Narcotráfico na Guiné-Bissau

"A droga pode fazer explodir a Guiné"

"A luta contra a ilegalidade tem de ser a melhor condição para o desenvolvimento. Deve tornar-se num dos pilares da política do Estado", afirma o chefe da delegação da ONU contra a Droga (UNODC), em Dacar.

Fernando Jorge Pereira

A Judiciária guineense julga ter desencorajado os narcotraficantes. Como avalia a situação? Constatamos que nos últimos seis meses houve muita pressão sobre os narcotraficantes e os seus parceiros locais. Há dois anos (eles) não se escondiam. Hoje já não acontece isso. O que é importante, porque foi conseguido apenas por pressão psicológica e através da mobilização dos "media" e da comunidade internacional.

Num encontro sobre terrorismo, em Dacar, um responsável do UNODC comparou a situação criada pelo narcotráfico na Guiné-Bissau com uma bomba prestes a explodir... O primeiro problema não é a droga, mas o dinheiro da droga. Fala-se de muito dinheiro distribuído aos parceiros locais.
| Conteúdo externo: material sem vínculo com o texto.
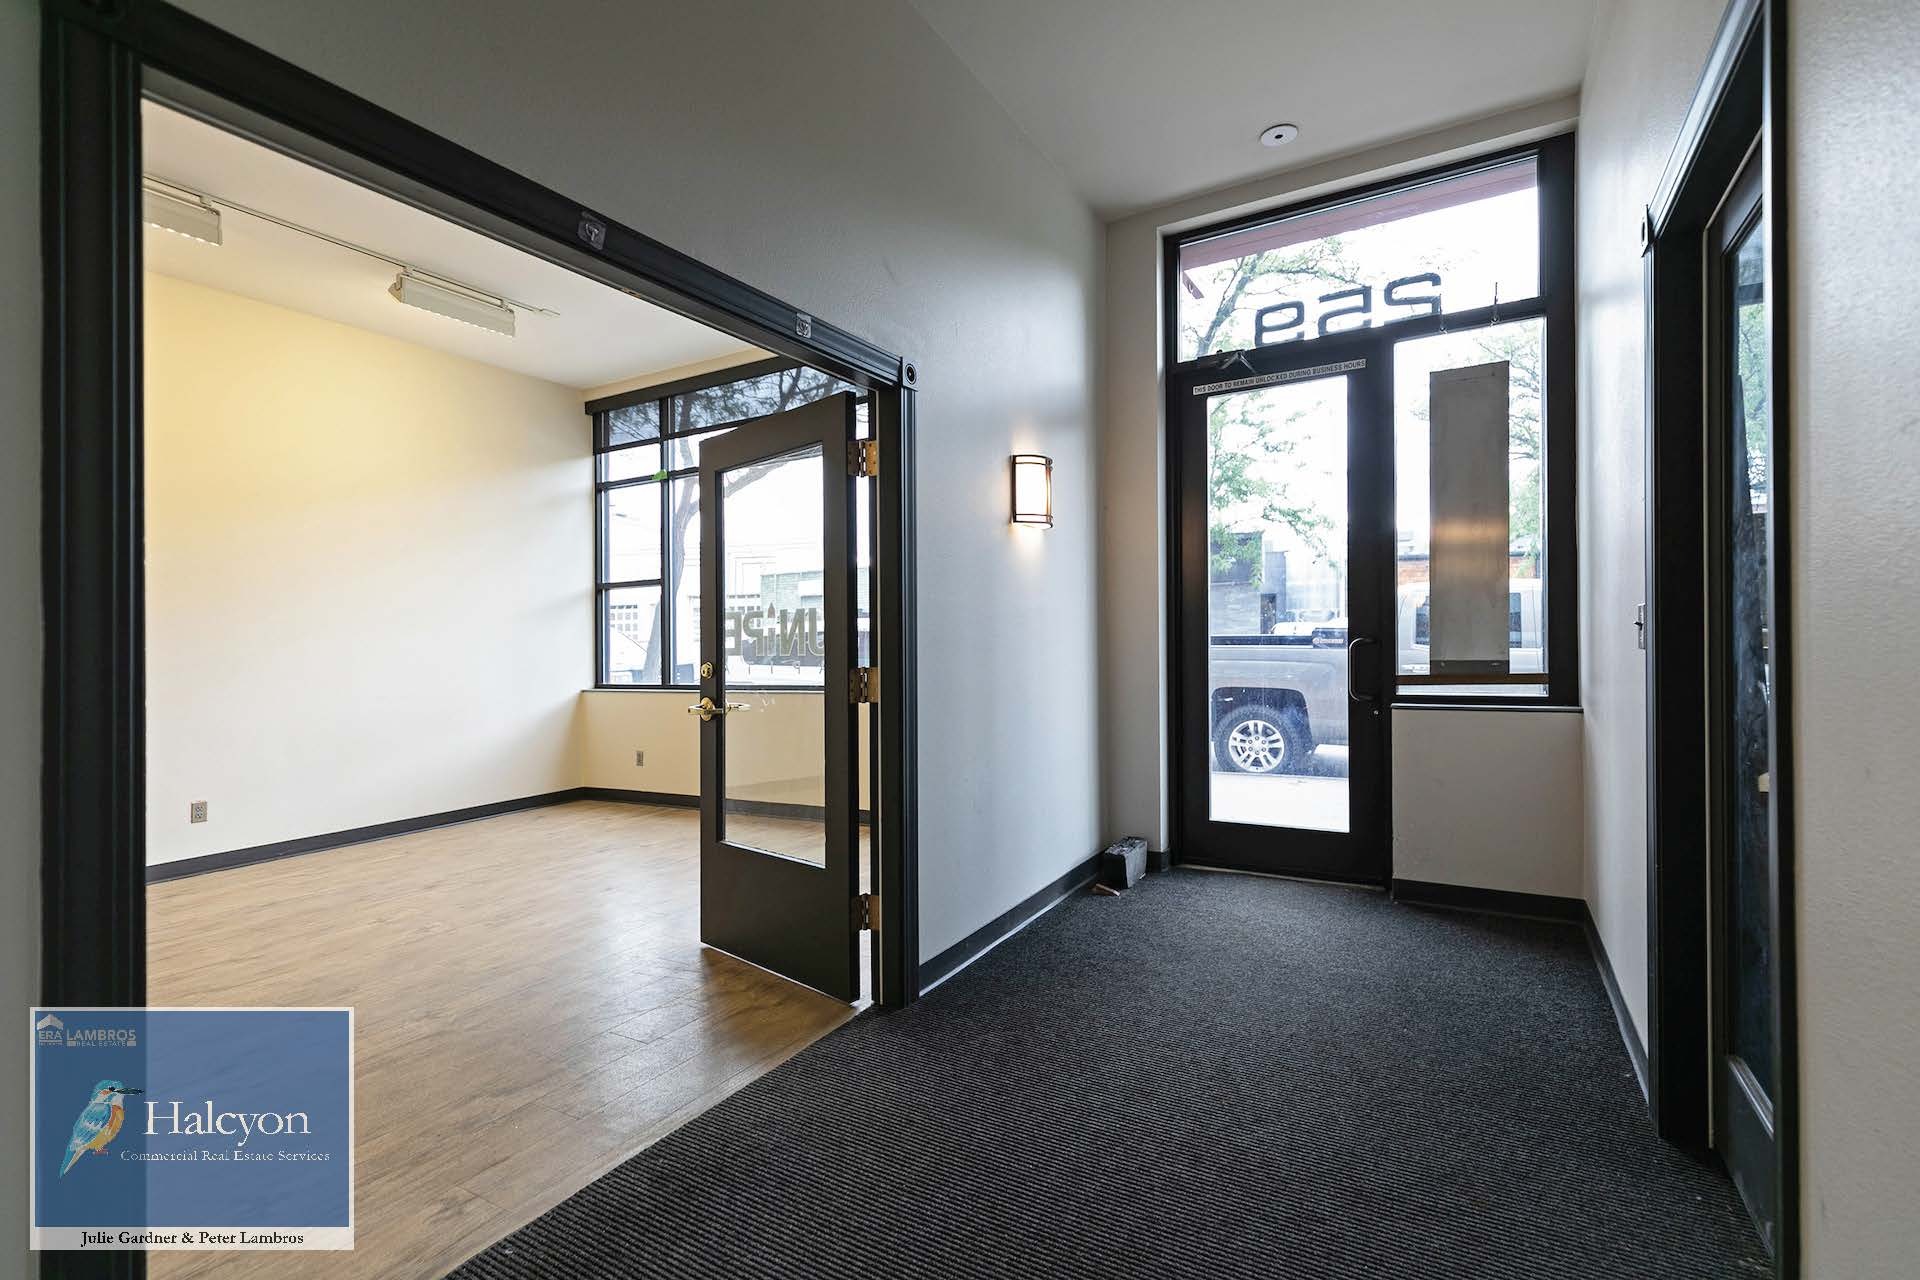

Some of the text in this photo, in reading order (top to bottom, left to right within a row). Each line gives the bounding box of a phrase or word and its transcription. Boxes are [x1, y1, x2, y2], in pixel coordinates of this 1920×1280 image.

[1194, 360, 1366, 394] THIS DOOR TO REMAIN UNLOCKED DURING BUSINESS HOURS
E o nosso receio é que esses cúmplices locais comecem a bater-se pelo monopólio do serviço. O segundo problema é o dinheiro sujo, num contexto de pobreza política e económica. Na Guiné-Bissau, com escassos recursos e sem uma economia de exportação, o dinheiro da droga é uma bomba que pode levar o país à explosão, por falta de poderes fortes e de uma estrutura produtiva. Este cenário aplica-se a outros países da África Ocidental.
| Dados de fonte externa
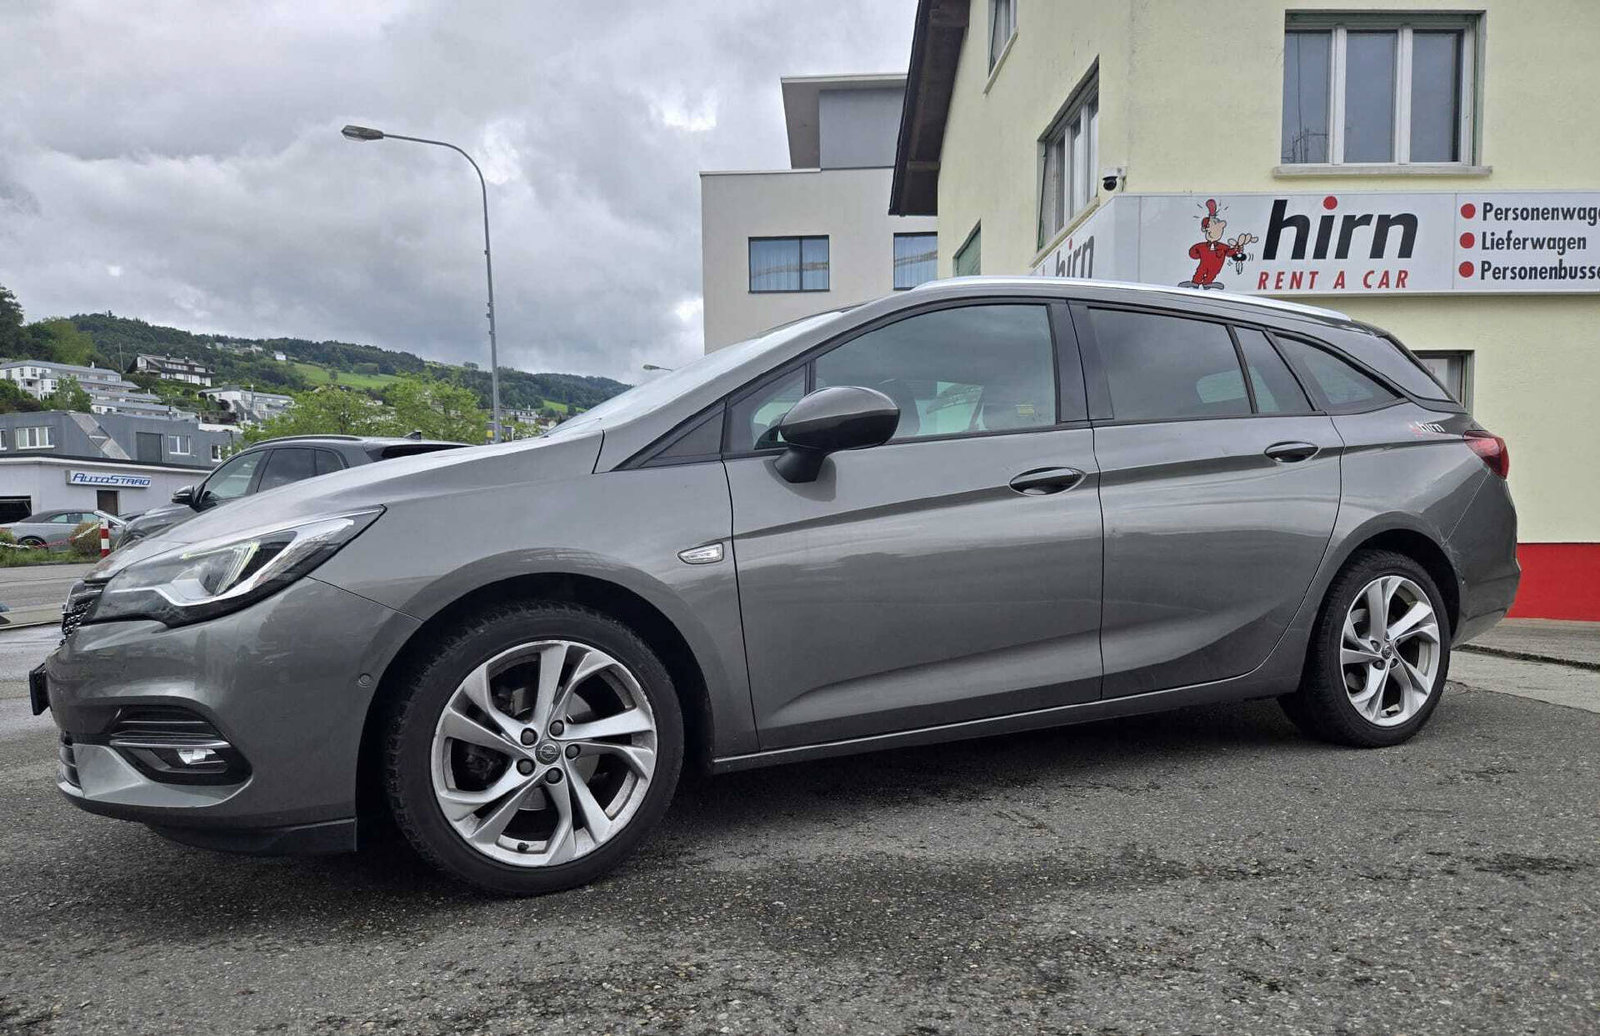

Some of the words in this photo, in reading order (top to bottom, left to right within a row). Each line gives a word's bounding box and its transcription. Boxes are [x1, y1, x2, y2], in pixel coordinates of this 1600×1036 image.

[1482, 202, 1600, 226] Personenwag
[1262, 196, 1418, 260] hirn
[1481, 230, 1587, 256] Lieferwagen
[1055, 235, 1095, 279] hirn
[1257, 271, 1319, 290] RENT
[1332, 270, 1346, 290] A
[1362, 270, 1409, 289] CAR
Recomendou focar a atenção sobre a Guiné-Bissau. Porquê? R Na África Ocidental, é o elo mais fraco e é onde os narcotraficantes concentraram a sua base logística. Mas o nosso discurso inclui todos os países da sub-região. Temos cocaína no litoral, haxixe produzido em Marrocos - que existe na banda do Sahel, que vai desde a Mauritânia, Mali, Níger, até ao Chade, para desembarcar talvez no Sudão e Egipto. Também há heroína, que vem do Afeganistão e é reexportada para a Europa e os Estados Unidos. Ao lado da droga existe o tráfico de pessoas, de emigrantes clandestinos, servido por uma indústria criminal. Para além disto tudo, há o mercado de falsos medicamentos, que é enorme e faz milhares de mortos. Vêm da Ásia, mas há cada vez mais produção local.

Qual é o caminho para o desenvolvimento? A luta contra a ilegalidade tem de ser a melhor condição para o desenvolvimento. Deve tornar-se num dos pilares da política do Estado.

Têm um Plano Estratégico para a Guiné-Bissau. Em que consiste e quando vai ser aplicado? Consiste em tornar operacional as instituições de luta contra a droga, em particular a Polícia Judiciária, e em restituir credibilidade à justiça do Estado, através da reabilitação dos tribunais e do sistema prisional. Este é o plano imediato, que custa entre 12 a 13 milhões de dólares e tem um prazo máximo de um ano.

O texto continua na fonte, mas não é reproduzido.